Get ready for a whole new way for students to get in trouble. Bringing back the days of the DailyJolt chat rooms, there’s a new website being rolled out today that is aiming to make social networking a lot more anonymous.
It’s called HowRandom and is a simply chatroom where someone with a .edu e-mail address can go and represent their school online. There’s very little authentication other than someone having a .edu address. There’s no photo uploading, file sharing or video capabilities, just a text entry line and a chat widget.

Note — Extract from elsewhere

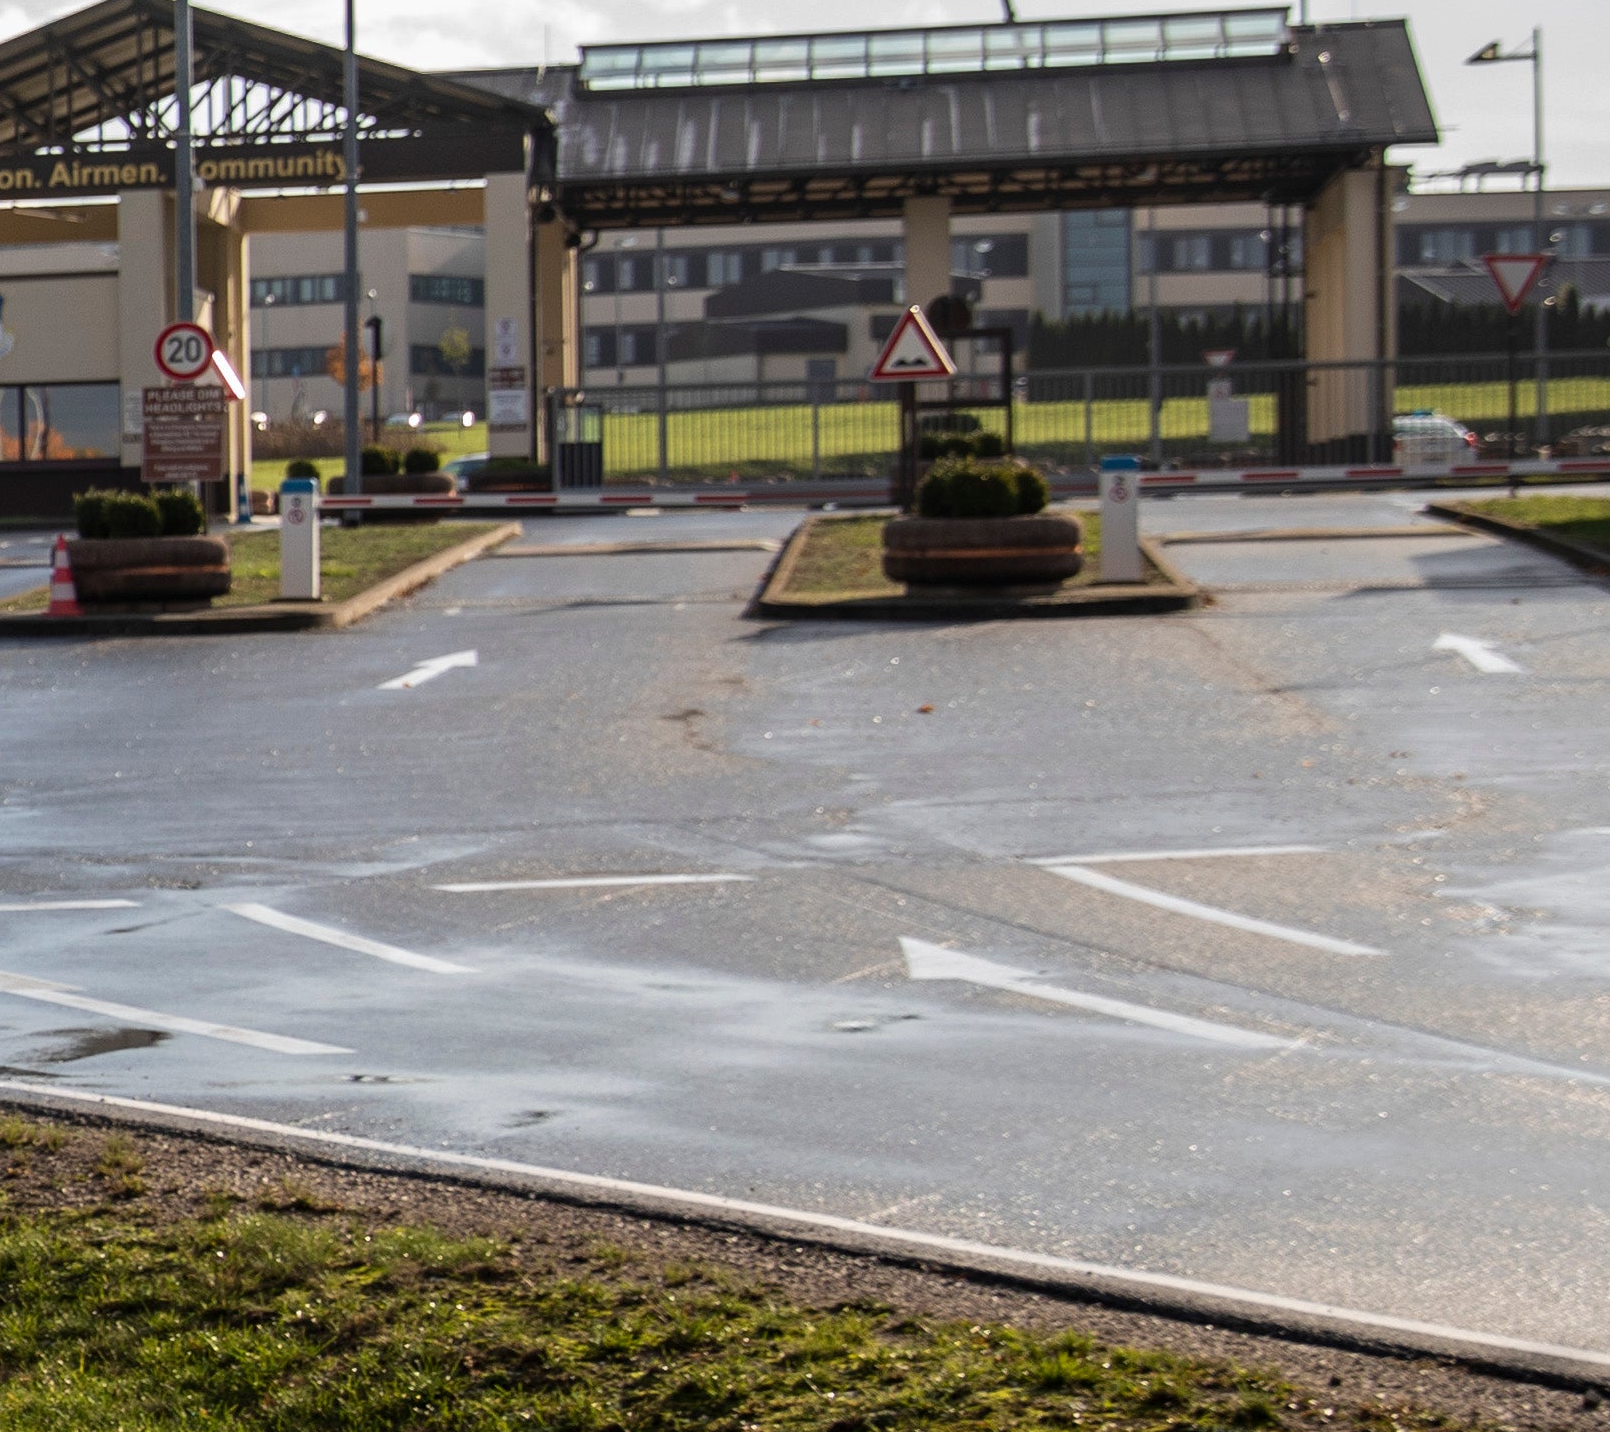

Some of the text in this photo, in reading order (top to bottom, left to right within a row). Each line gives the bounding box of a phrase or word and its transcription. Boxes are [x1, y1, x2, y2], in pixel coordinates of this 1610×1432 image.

[48, 161, 167, 188] Airmen.
[169, 335, 201, 363] 20
[147, 389, 195, 402] PLEASE

The student on student communication happens on two levels, a test function where you casually enter in your school (warning, you have to type the full word “University”) and a verified function which allows you to type in your .edu address in order to get “Verified” as a bona fide college student.
Why It Will Fail
As someone who is pretty familiar with how conversations go on anonymous chat boards, it’s pretty obvious to see where this is going. The chats are going to quickly devolve into racist, homophobic, and downright mean rants against schools from faceless people supposedly from another school.
Think an Ivy League student won’t go into a Community College chatroom and mock them? What about the other way around? It’s only a matter of time that people are frustrated and ultimately give up on HowRandom. However, it’s an interesting experiment at the very least.

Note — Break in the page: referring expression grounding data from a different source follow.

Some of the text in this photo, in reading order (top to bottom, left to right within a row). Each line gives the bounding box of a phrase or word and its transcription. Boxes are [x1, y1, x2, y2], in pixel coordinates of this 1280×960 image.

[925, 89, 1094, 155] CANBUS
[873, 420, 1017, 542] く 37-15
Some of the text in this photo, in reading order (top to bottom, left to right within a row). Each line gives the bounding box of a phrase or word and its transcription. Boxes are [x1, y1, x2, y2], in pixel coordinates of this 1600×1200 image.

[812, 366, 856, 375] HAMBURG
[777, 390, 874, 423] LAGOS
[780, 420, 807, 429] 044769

Here’s a screenshot of a conversation via TechCrunch. (This is most likely never going to happen on HowRandom.)
How It Works
Explains founder Jon Cook, “It’s a way for guys at Harvard to meet girls at Yale, etc. And it’s not intrusive. HowRandom has a very solid viral loop. It has the Facebook-like .edu exclusivity. And it’s extremely simple to use.”
Cook and co-founder Jason Humphries think of HowRandom as more of a social experiment than a business. They hope it will mirror the randomness of life and “foster real-world meetings and interactions between two people that might otherwise never meet. ”
Like a text-based Chatroulette with no penis problem, there’s also a next feature in case you don’t like who you’re chatting with.
Cook says he wants to keep evolving the app through user feedback, and is considering including limited profile option along with the “Verified” logo.
Facebook initially restricted its users to college students with .edu addresses and that element was crucial to its success, this is also HowRandom’s hook. Colleges are hotbeds of virality in more ways than one, and starting off there is a good move for any social app.